Operations is a team sport. Operations is not done by a single person but rather by a team of people working together. For that reason much of what we describe will be processes and policies that help you work as a team, not as a group of individuals. In some companies, processes seem to be bureaucratic mazes that slow things down. As we describe here—and more important, in our professional experience—good processes are exactly what makes it possible to run very large computing systems. In other words, process is what makes it possible for teams to do the right thing, again and again.

This chapter starts with some operations management background, then discusses the operations service life cycle, and ends with a discussion of typical operations work strategies. All of these topics will be expanded upon in the chapters that follow.

7.1 Distributed Systems Operations

To understand distributed systems operations, one must first understand how it is different from typical enterprise IT. One must also understand the source of tension between operations and developers, and basic techniques for scaling operations.

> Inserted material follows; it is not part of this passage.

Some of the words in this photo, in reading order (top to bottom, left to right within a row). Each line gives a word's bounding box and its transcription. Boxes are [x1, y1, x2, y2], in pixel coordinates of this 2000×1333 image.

7.1.1 SRE versus Traditional Enterprise IT

System administration is a continuum. On one end is a typical IT department, responsible for traditional desktop and client–server computing infrastructure, often called enterprise IT. On the other end is an SRE or similar team responsible for a distributed computing environment, often associated with web sites and other services. While this may be a broad generalization, it serves to illustrate some important differences.

SRE is different from an enterprise IT department because SREs tend to be focused on providing a single service or a well-defined set of services. A traditional enterprise IT department tends to have broad responsibility for desktop services, back-office services, and everything in between (“everything with a power plug”). SRE’s customers tend to be the product management of the service while IT customers are the end users themselves. This means SRE efforts are focused on a few select business metrics rather than being pulled in many directions by users, each of whom has his or her own priorities.

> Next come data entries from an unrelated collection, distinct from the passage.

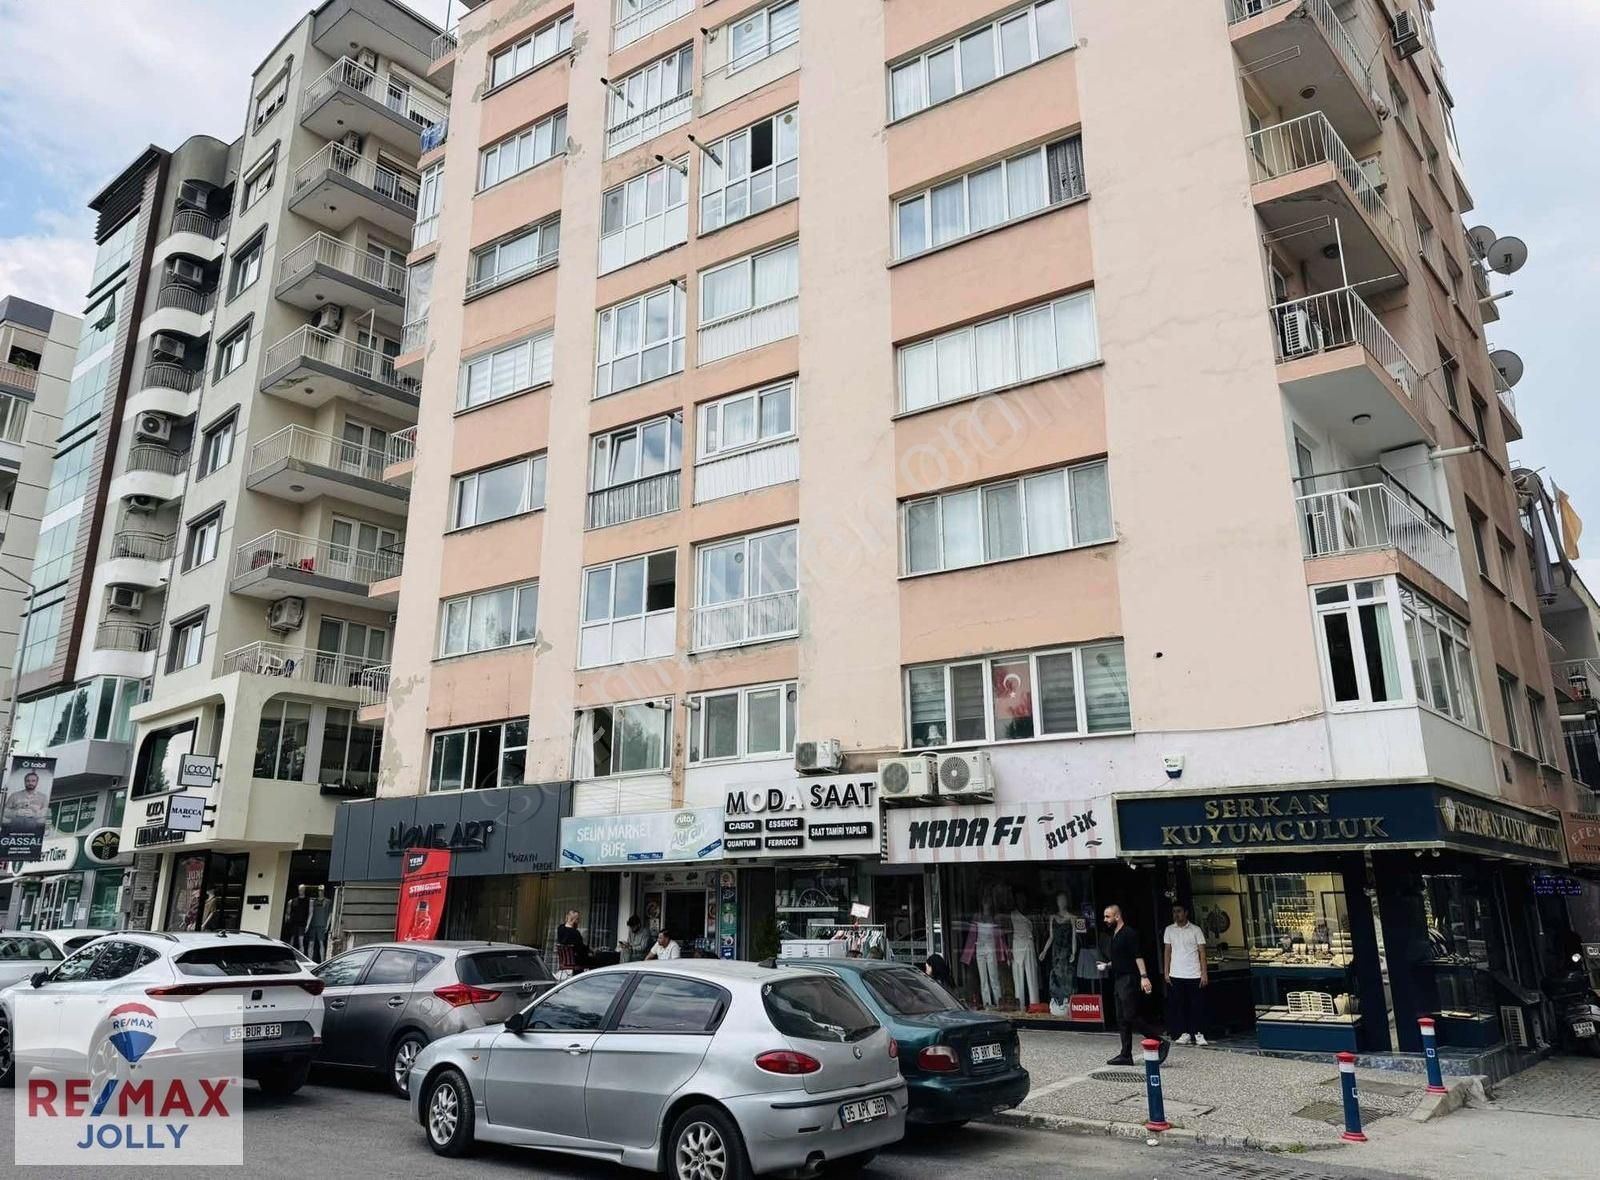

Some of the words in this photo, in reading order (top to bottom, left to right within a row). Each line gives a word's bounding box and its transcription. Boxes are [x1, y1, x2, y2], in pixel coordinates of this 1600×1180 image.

[725, 788, 804, 815] MODA
[810, 781, 876, 809] SAAT
[172, 807, 202, 816] MARCCA
[1205, 794, 1330, 819] SERKAN
[728, 821, 755, 830] CASIO
[768, 820, 799, 829] ESSENCE
[810, 827, 825, 837] SAAT
[908, 818, 989, 849] MODA
[1160, 817, 1389, 846] KUYUMCULUK
[0, 837, 42, 846] GASSAL
[726, 839, 756, 848] QUANTUM
[1071, 1003, 1100, 1013] İNDİRİM
[231, 1028, 243, 1038] 35
[245, 1026, 262, 1037] BUR
[265, 1025, 281, 1036] 833
[845, 1105, 856, 1121] 35

Another difference is in the attitude toward uptime. SREs maintain services that have demanding, 24 × 7 uptime requirements. This creates a focus on preventing problems rather than reacting to outages, and on performing complex but non-intrusive maintenance procedures. IT tends to be granted flexibility with respect to scheduling downtime and has SLAs that focus on how quickly service can be restored in the event of an outage. In the SRE view, downtime is something to be avoided and service should not stop while services are undergoing maintenance.

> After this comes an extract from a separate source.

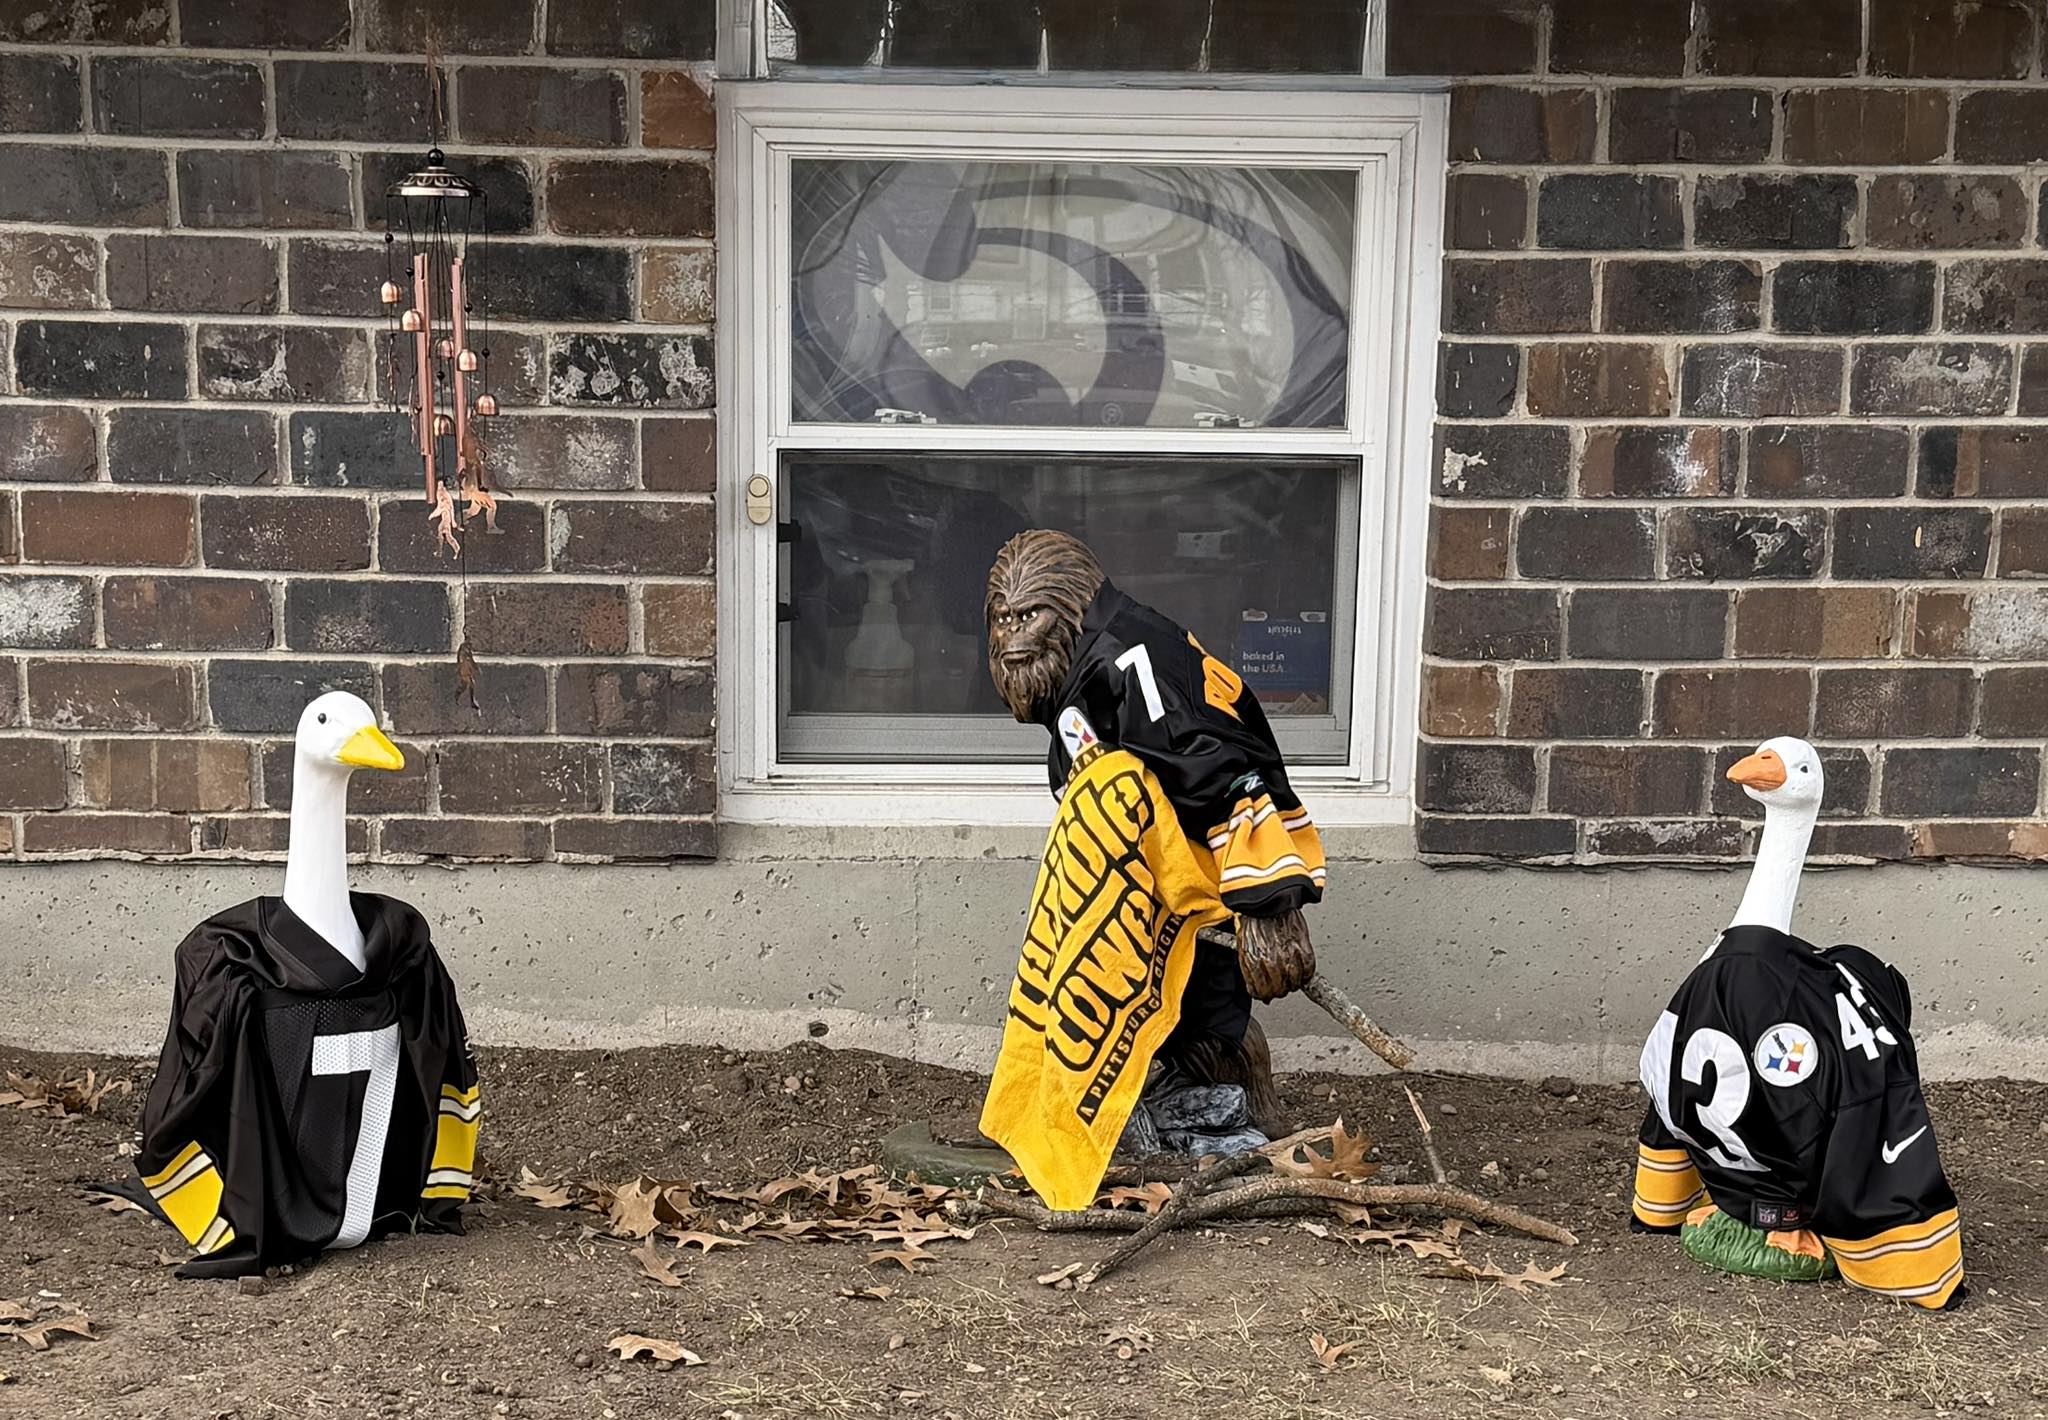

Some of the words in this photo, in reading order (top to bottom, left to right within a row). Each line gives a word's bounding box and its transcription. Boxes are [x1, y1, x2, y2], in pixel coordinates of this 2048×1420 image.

SREs tend to manage services that are constantly changing due to new software releases and additions to capacity. IT tends to run services that are upgraded rarely. Often IT services are built by external contractors who go away once the system is stable.

SREs maintain systems that are constantly being scaled to handle more traffic and larger workloads. Latency, or how fast a particular request takes to process, is managed as well as overall throughput. Efficiency becomes a concern because a little waste per machine becomes a big waste when there are hundreds or thousands of machines. In IT, systems are often built for environments that expect a modest increase in workload per year. In this case a workable strategy is to build the system large enough to handle the projected workload for the next few years, when the system is expected to be replaced.

As a result of these requirements, systems in SRE tend to be bespoke systems, built on platforms that are home-grown or integrated from open source or other third-party components. They are not “off the shelf” or turn key systems. They are actively managed, while IT systems may be unchanged from their initial delivery state. Because of these differences, distributed computing services are best managed by a separate team, with separate management, with bespoke operational and management practices.

While there are many such differences, recently IT departments have begun to see a demand for uptime and scalability similar to that seen in SRE environments. Therefore the management techniques from distributed computing are rapidly being adopted in the enterprise.

7.1.2 Change versus Stability

There is a tension between the desire for stability and the desire for change. Operations teams tend to favor stability; developers desire change. Consider how each group is evaluated during end-of-the-year performance reviews. A developer is praised for writing code that makes it into production. Changes that result in a tangible difference to the service are rewarded above any other accomplishment. Therefore, developers want new releases pushed into production often. Operations, in contrast, is rewarded for achieving compliance with SLAs, most of which relate to uptime. Therefore stability is the priority.

A system starts at a baseline of stability. A change is then made. All changes have some kind of a destabilizing effect. Eventually the system becomes stable again, usually through some kind of intervention. This is called the change-instability cycle.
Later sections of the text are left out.